To the extent that any Award is determined to constitute “nonqualified deferred compensation” within the meaning of Section 409A
(a “409A Award”), the Award shall be subject to such additional rules and requirements as may be specified by the Committee from time to time. In this regard, if any amount under a 409A Award is payable upon a “separation from
service” (within the meaning of Section 409A) to a grantee who is considered a “specified employee” (within the meaning of Section 409A), then no such payment shall be made prior to the date that is the earlier of
(i) six months and one day after the grantee’s separation from service, or (ii) the grantee’s death, but only to the extent such delay is necessary to prevent such payment from being subject to interest, penalties and/or
additional tax imposed pursuant to Section 409A. The Company makes no representation or warranty and shall have no liability to any grantee under the Plan or any other Person with respect to any penalties or taxes under Section 409A that
are, or may be, imposed with respect to any Award. 
 SECTION 12. AMENDMENTS AND TERMINATION 

The Board may, at any time, amend or discontinue the Plan and the Committee may, at any time, amend or cancel any outstanding Award for the
purpose of satisfying changes in law or for any other lawful purpose, but no such action shall adversely affect rights under any outstanding Award without the consent of the holder of the Award. The Committee may exercise its discretion to reduce
the exercise price of outstanding Stock Options or effect repricing through cancellation of outstanding Stock Options and by granting such holders new Awards in replacement of the cancelled Stock Options. To the extent determined by the Committee to
be required either by the Code to ensure that Incentive Stock Options granted under the Plan are qualified under Section 422 of the Code or otherwise, Plan amendments shall be subject to approval by the Company stockholders entitled to vote at
a meeting of stockholders. Nothing in this Section 12 shall limit the Board’s or Committee’s authority to take any action permitted pursuant to Section 3(c). The Board reserves the right to amend the Plan and/or the terms of any
outstanding Stock Options to the extent reasonably necessary to comply with the requirements of the exemption pursuant to paragraph (f)(4) of Rule 12h-1 of the Exchange Act. 
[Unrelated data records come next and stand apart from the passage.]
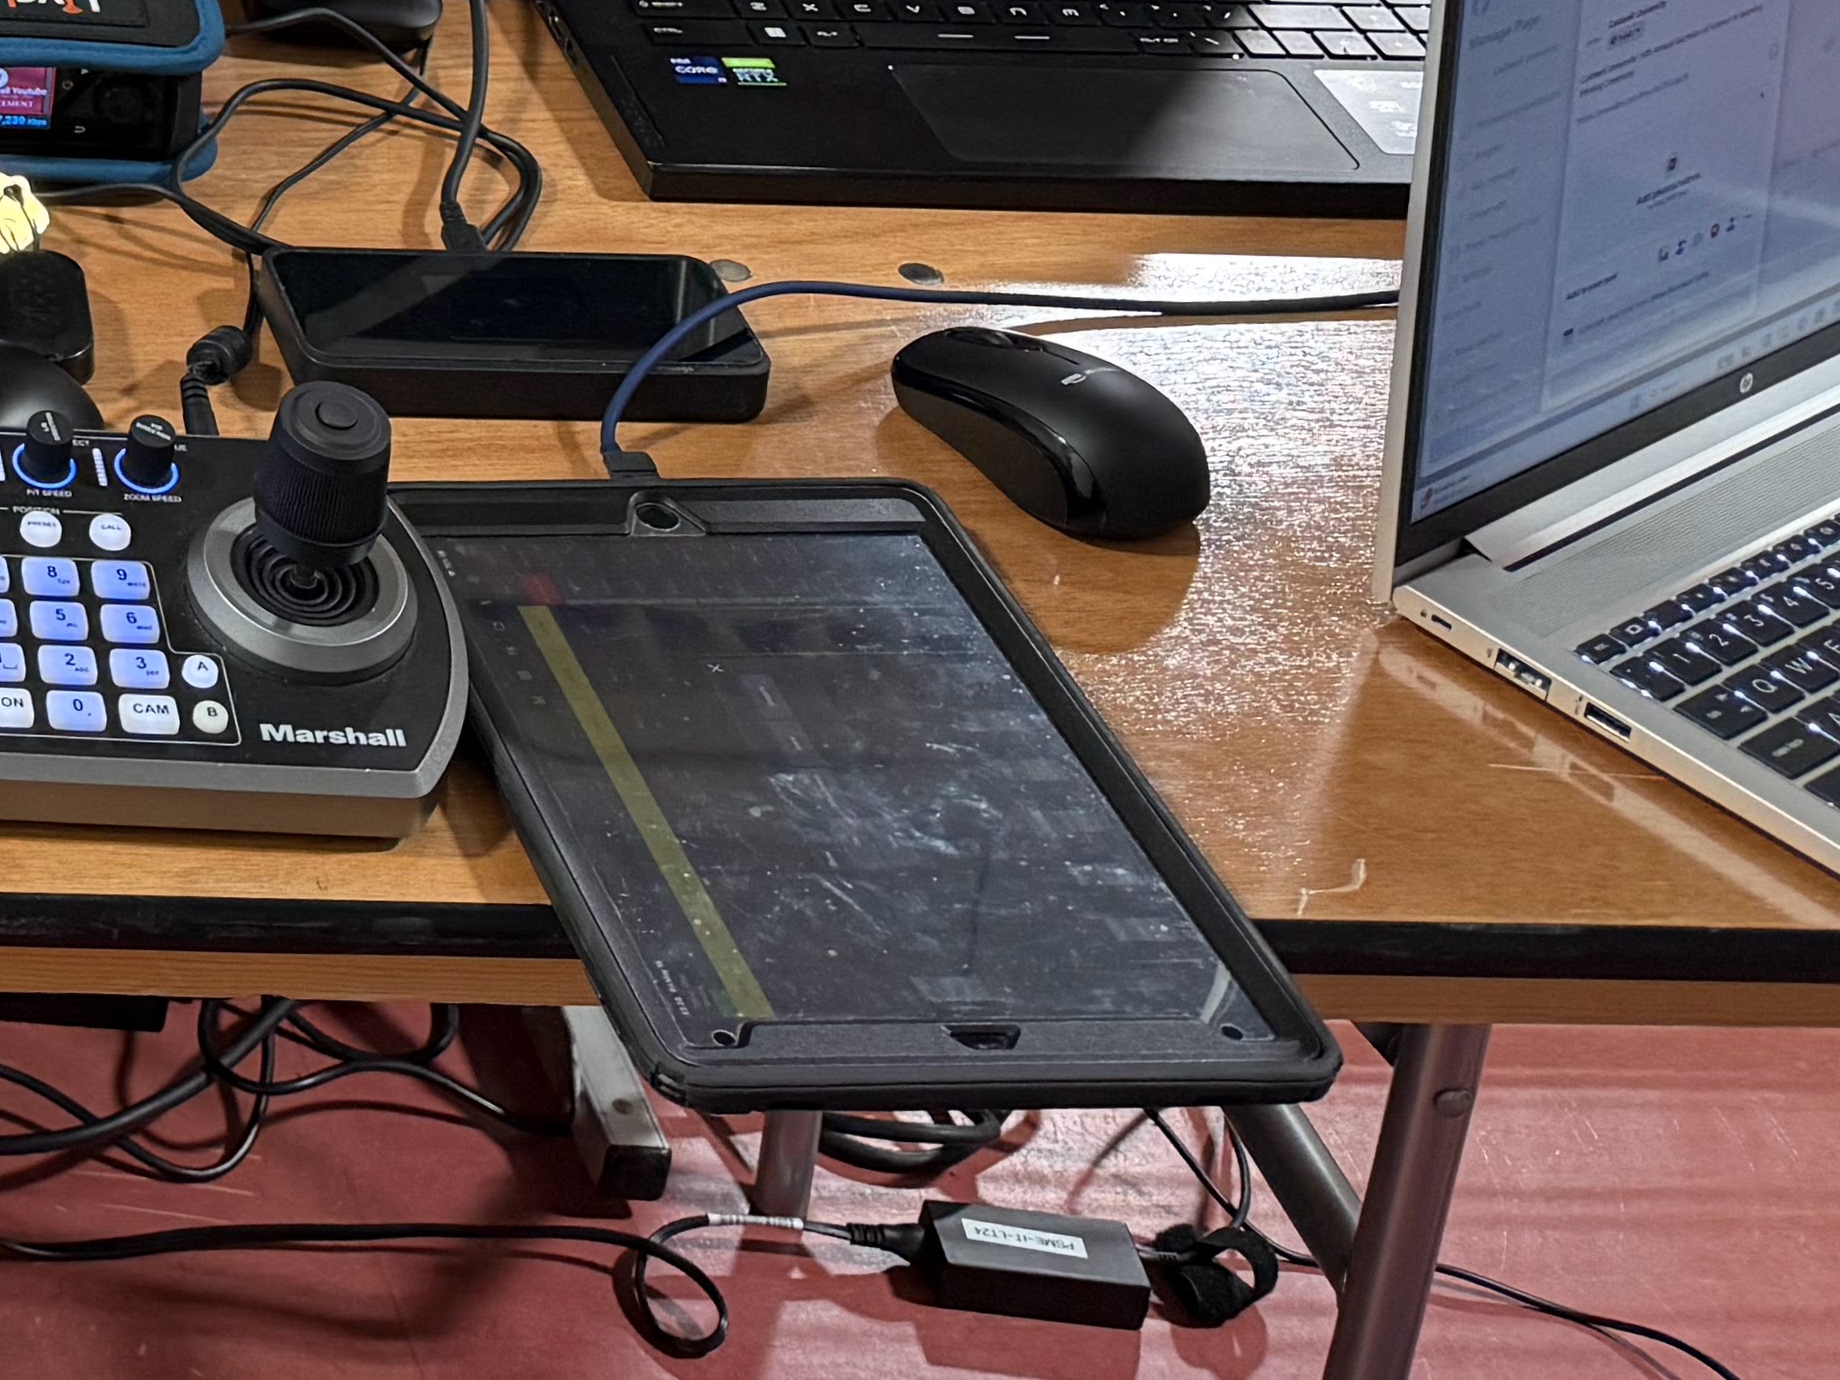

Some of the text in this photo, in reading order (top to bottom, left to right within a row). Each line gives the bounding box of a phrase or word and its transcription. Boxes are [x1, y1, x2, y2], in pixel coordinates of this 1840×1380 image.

[47, 566, 57, 578] 8
[117, 568, 127, 581] 9
[56, 609, 66, 621] 5
[126, 612, 137, 624] 6
[65, 654, 75, 666] 2
[135, 657, 147, 670] 3
[133, 704, 169, 714] CAM
[260, 724, 407, 747] Marshall
SECTION 13. STATUS OF PLAN 
 With respect
to the portion of any Award that has not been exercised and any payments in cash, Stock or other consideration not received by a grantee, a grantee shall have no rights greater than those of a general creditor of the Company unless the Committee
shall otherwise expressly so determine in connection with any Award. 

  
 17 

 SECTION 14. GENERAL PROVISIONS 

(a) No Distribution; Compliance with Legal Requirements. The Committee may require each person acquiring Shares pursuant to an Award to
represent to and agree with the Company in writing that such person is acquiring the Shares without a view to distribution thereof. No Shares shall be issued pursuant to an Award until all applicable securities law and other legal and stock exchange
or similar requirements have been satisfied. The Committee may require the placing of such stop-orders and restrictive legends on certificates for Stock and Awards as it deems appropriate. 
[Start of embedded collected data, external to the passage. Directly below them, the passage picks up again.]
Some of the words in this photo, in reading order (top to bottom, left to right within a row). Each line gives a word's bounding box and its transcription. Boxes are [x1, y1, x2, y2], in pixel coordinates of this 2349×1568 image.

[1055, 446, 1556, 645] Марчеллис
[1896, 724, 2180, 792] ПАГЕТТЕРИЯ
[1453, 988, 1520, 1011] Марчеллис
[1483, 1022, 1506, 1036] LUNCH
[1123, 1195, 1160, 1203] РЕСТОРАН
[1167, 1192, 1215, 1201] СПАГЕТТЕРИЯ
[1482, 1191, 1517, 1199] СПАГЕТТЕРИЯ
(b) Delivery of Stock Certificates. Stock certificates to grantees under the Plan shall be deemed delivered for all purposes when the
Company or a stock transfer agent of the Company shall have mailed such certificates in the United States mail, addressed to the grantee, at the grantee’s last known address on file with the Company; provided that stock certificates to be held
in escrow pursuant to Section 9 of the Plan shall be deemed delivered when the Company shall have recorded the issuance in its records. Uncertificated Stock shall be deemed delivered for all purposes when the Company or a stock transfer agent
of the Company shall have given to the grantee by electronic mail (with proof of receipt) or by United States mail, addressed to the grantee, at the grantee’s last known address on file with the Company, notice of issuance and recorded the
issuance in its records (which may include electronic “book entry” records). 
 (c) No Employment Rights. The
adoption of the Plan and the grant of Awards do not confer upon any Person any right to continued employment or Service Relationship with the Company or any Subsidiary. 

(d) Trading Policy Restrictions. Option exercises and other Awards under the Plan shall be subject to the Company’s insider trading
policy-related restrictions, terms and conditions as may be established by the Committee, or in accordance with policies set by the Committee, from time to time. 
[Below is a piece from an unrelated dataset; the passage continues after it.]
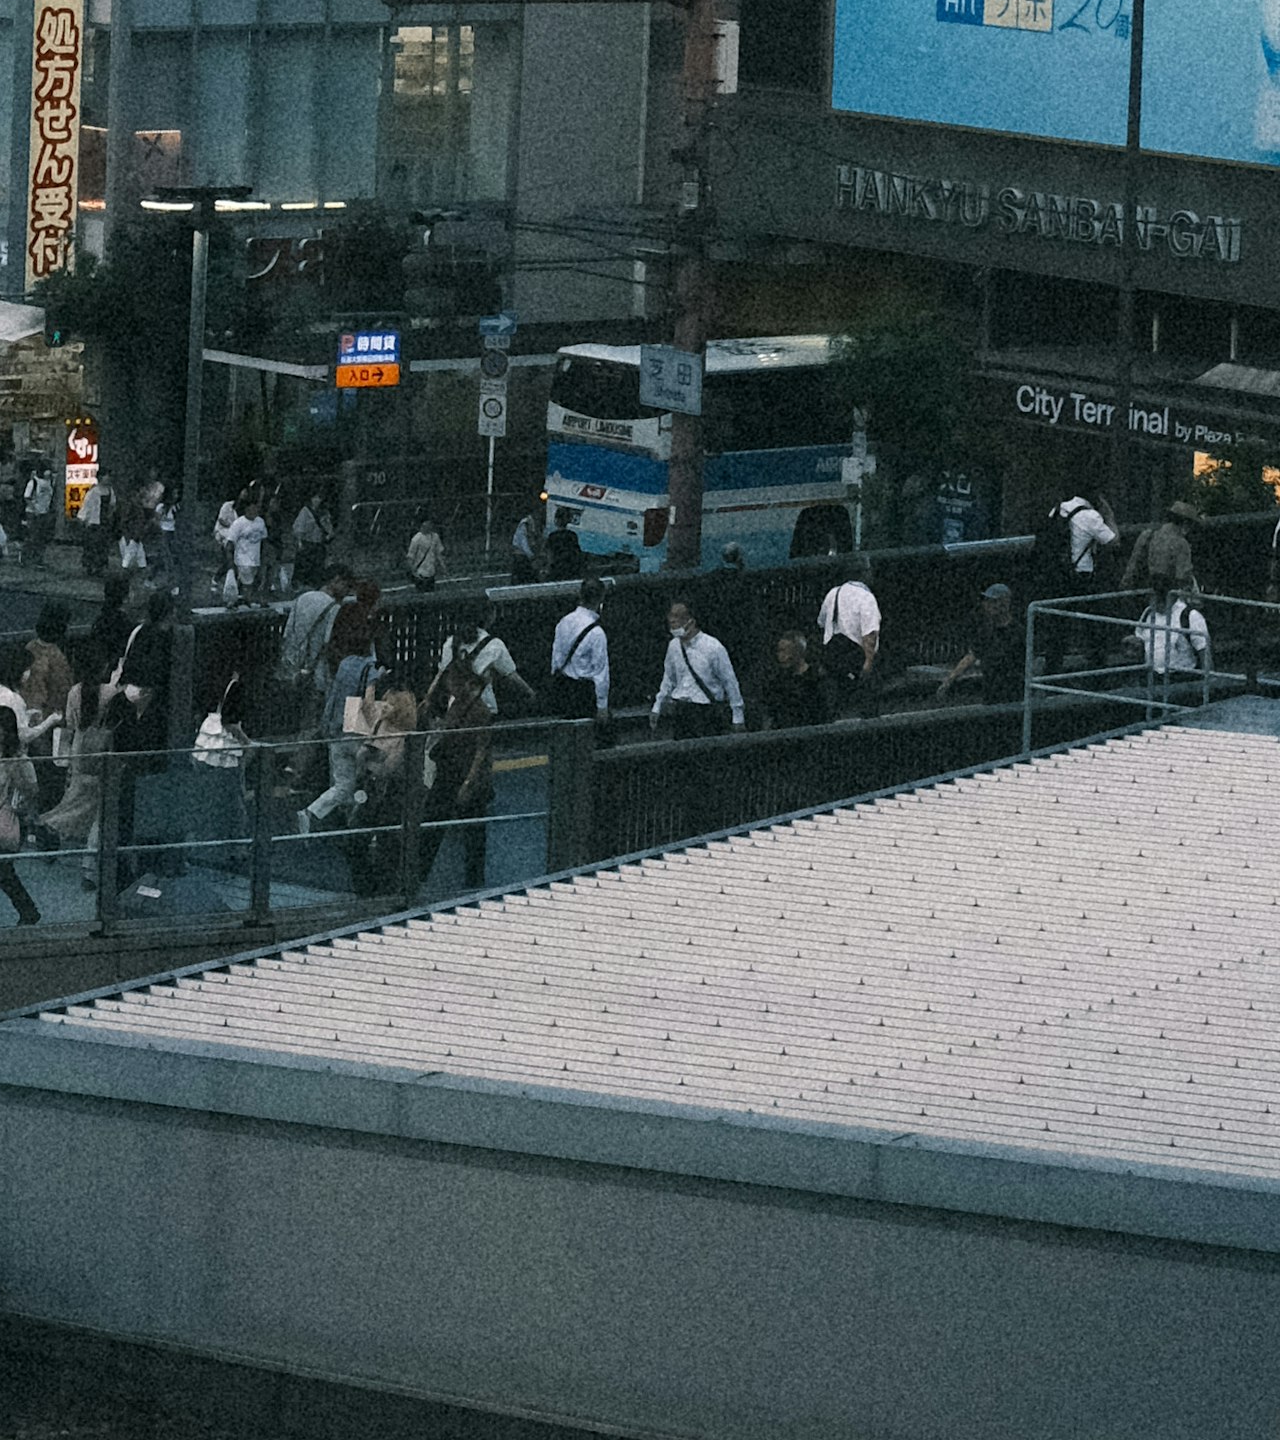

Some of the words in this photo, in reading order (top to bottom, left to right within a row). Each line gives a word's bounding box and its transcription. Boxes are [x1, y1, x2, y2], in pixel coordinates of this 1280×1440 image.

[30, 6, 82, 280] 処方せん受付
[1015, 384, 1065, 425] City
[1174, 422, 1192, 443] by
(e) Designation of Beneficiary. Each grantee to whom an Award has been made under the Plan may designate a beneficiary or beneficiaries
to exercise any Award on or after the grantee’s death or receive any payment under any Award payable on or after the grantee’s death. Any such designation shall be on a form provided for that purpose by the Committee and shall not be
effective until received by the Committee. If no beneficiary has been designated by a deceased grantee, or if the designated beneficiaries have predeceased the grantee, the beneficiary shall be the grantee’s estate. 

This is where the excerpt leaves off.